Required action
Each line below that holds the word "words" counts once. Say how many such lines there are, and no more.

BEGIN Records

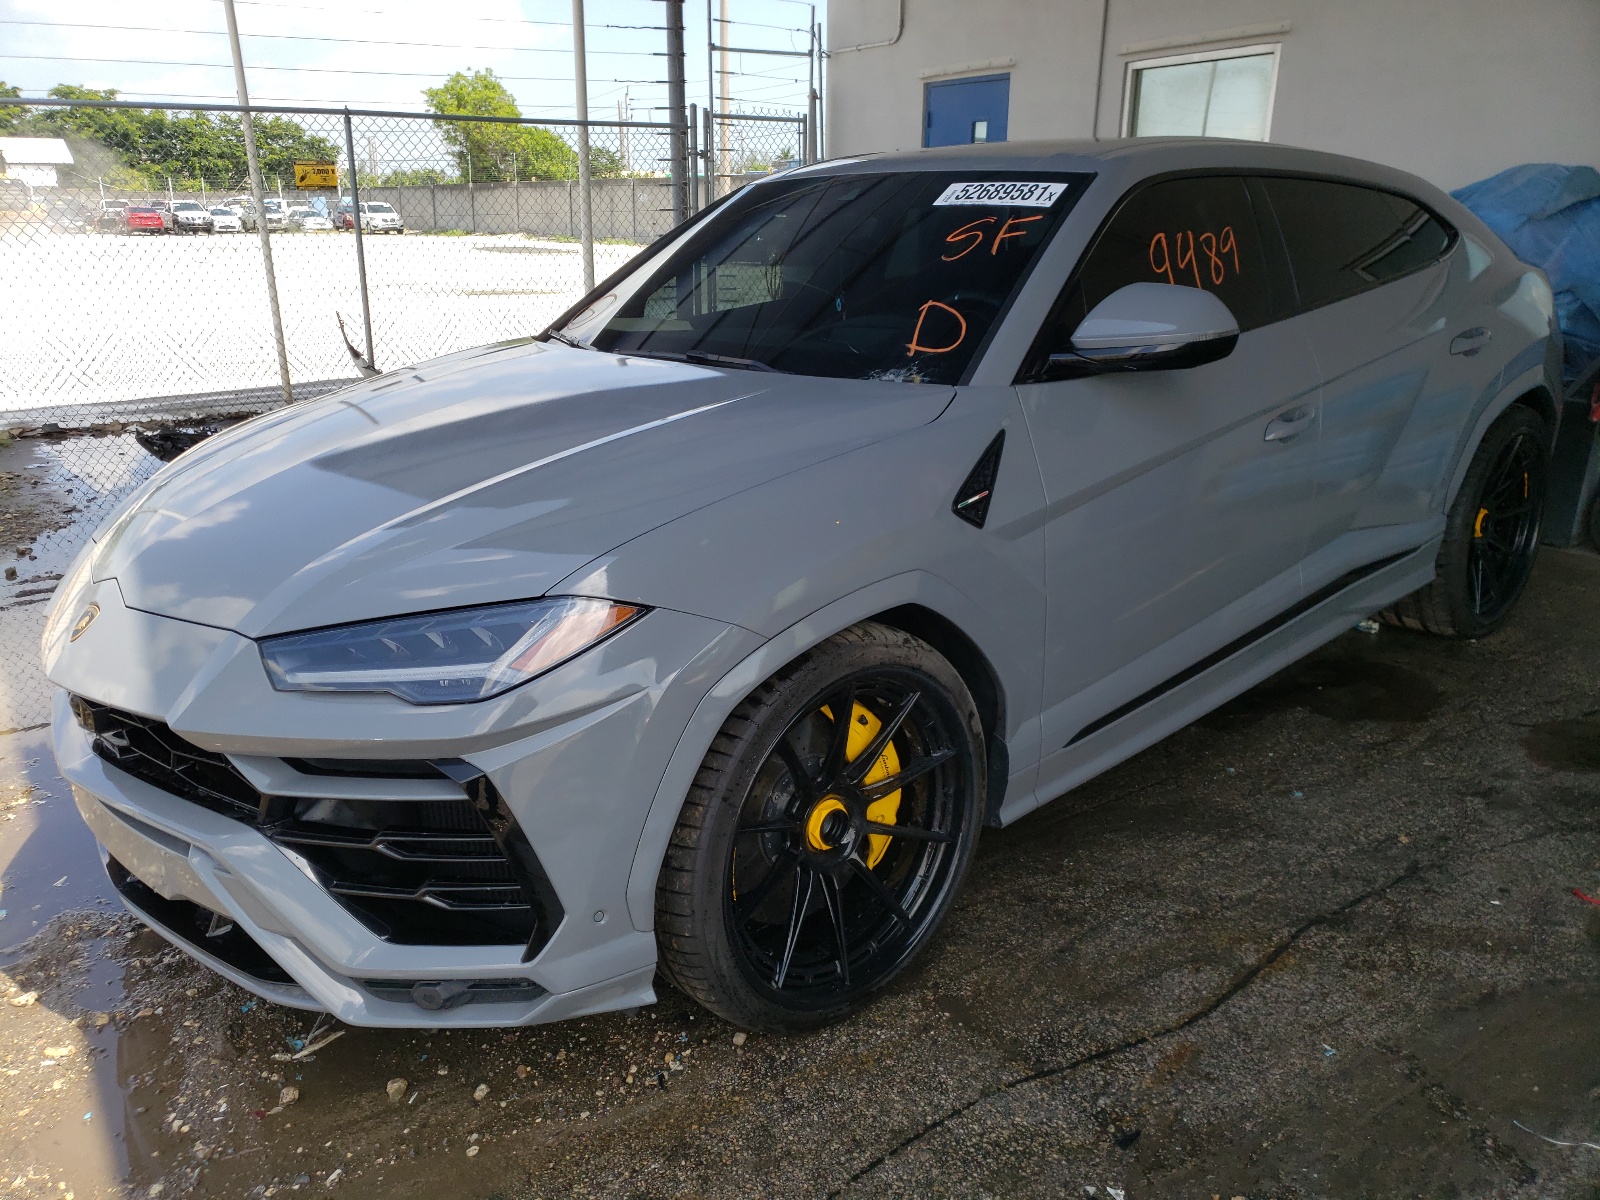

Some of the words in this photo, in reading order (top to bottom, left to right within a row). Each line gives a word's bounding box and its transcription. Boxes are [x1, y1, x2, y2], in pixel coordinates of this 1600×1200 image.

END Records
BEGIN Records

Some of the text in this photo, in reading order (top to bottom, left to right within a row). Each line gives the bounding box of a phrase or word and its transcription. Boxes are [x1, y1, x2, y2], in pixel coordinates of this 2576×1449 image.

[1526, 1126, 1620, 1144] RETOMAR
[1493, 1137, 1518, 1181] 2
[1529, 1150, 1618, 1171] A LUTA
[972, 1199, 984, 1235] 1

END Records
BEGIN Records

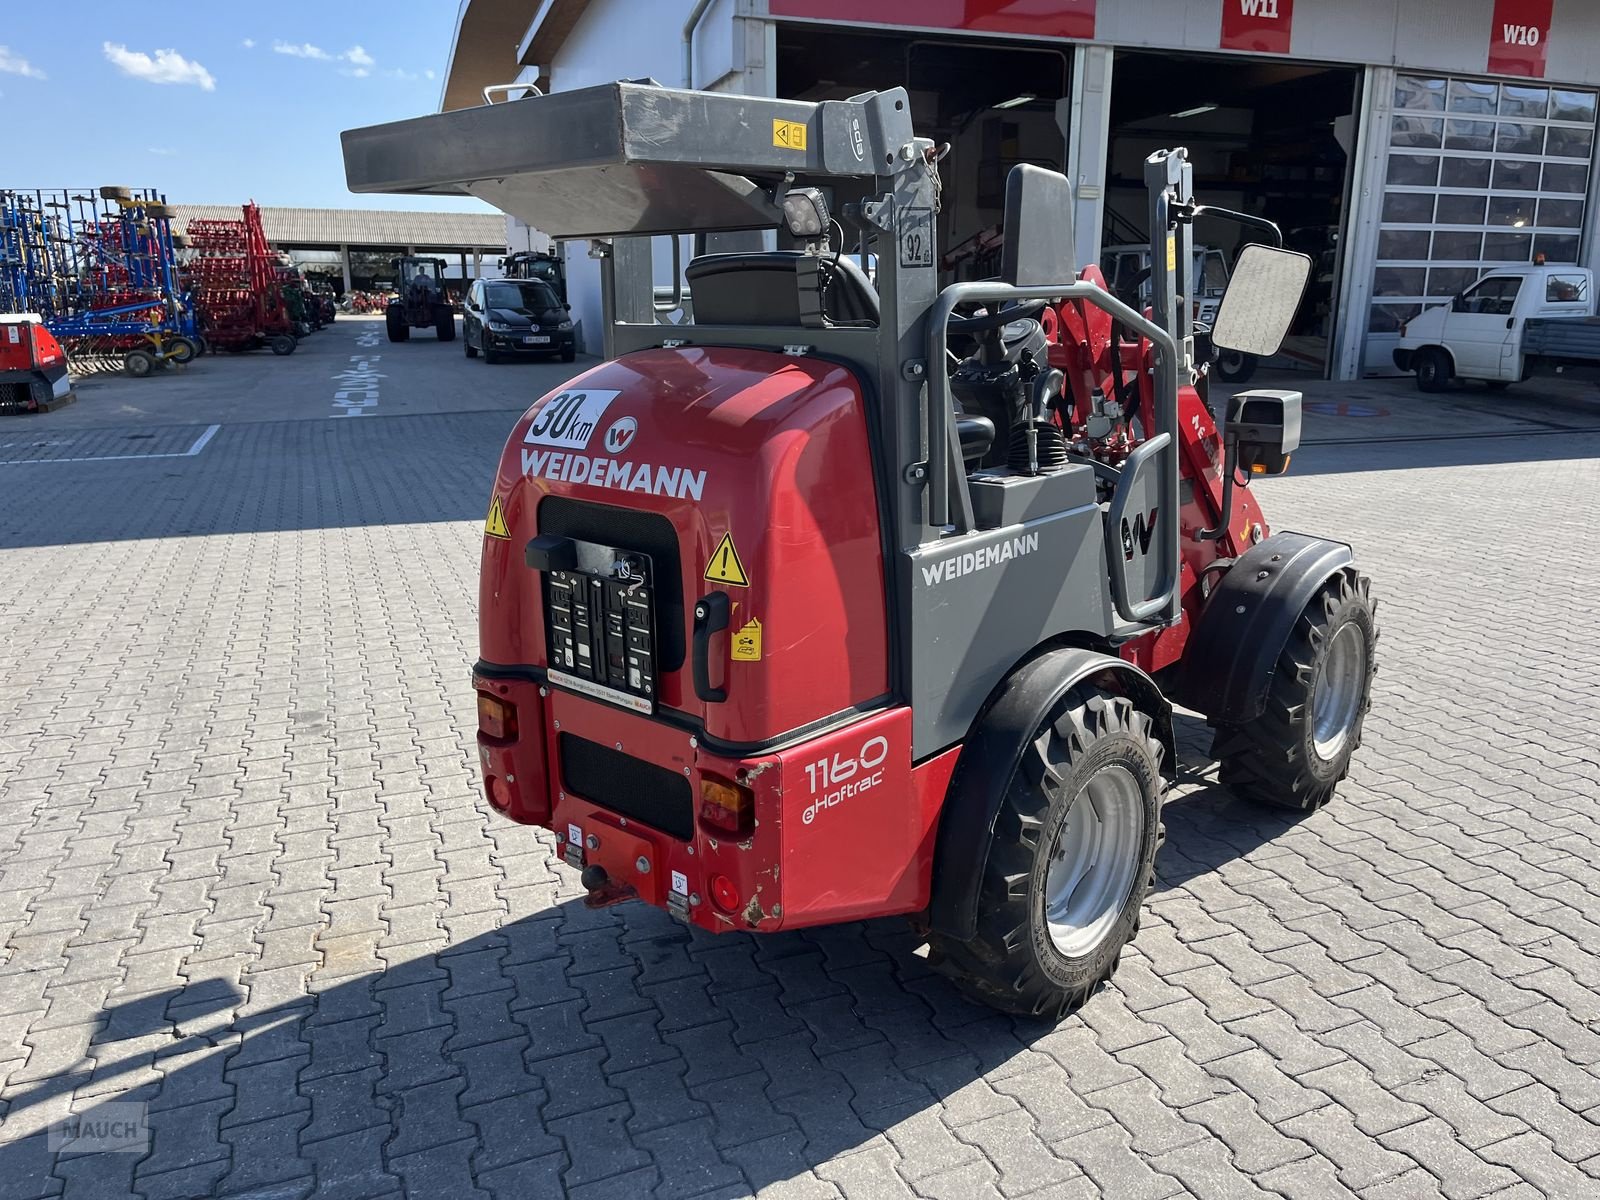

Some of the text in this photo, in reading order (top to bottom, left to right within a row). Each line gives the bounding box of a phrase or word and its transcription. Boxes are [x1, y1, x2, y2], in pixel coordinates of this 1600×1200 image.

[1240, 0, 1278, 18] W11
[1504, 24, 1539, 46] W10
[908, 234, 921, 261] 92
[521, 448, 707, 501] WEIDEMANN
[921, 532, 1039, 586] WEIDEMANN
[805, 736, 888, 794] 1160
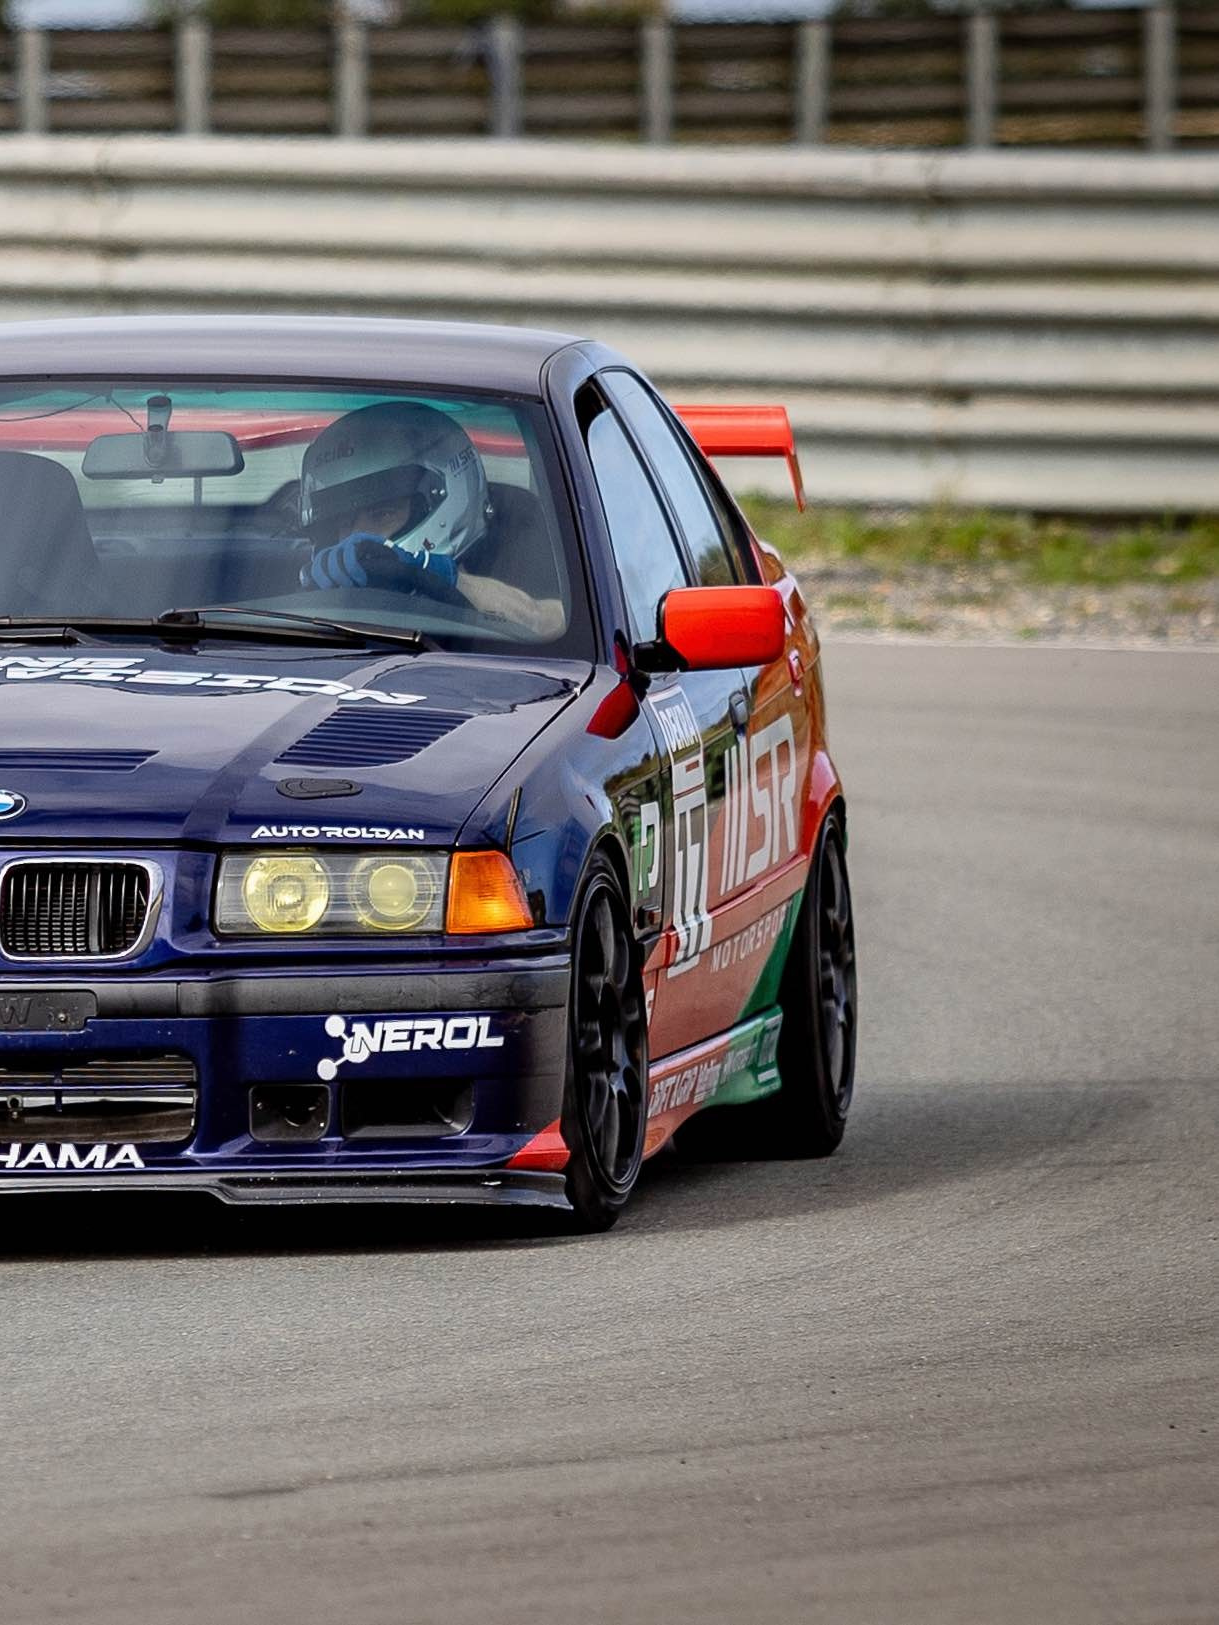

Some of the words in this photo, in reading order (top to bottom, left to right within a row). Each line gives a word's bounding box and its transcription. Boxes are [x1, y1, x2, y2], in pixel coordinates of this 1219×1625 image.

END Records

Response to this exercise
2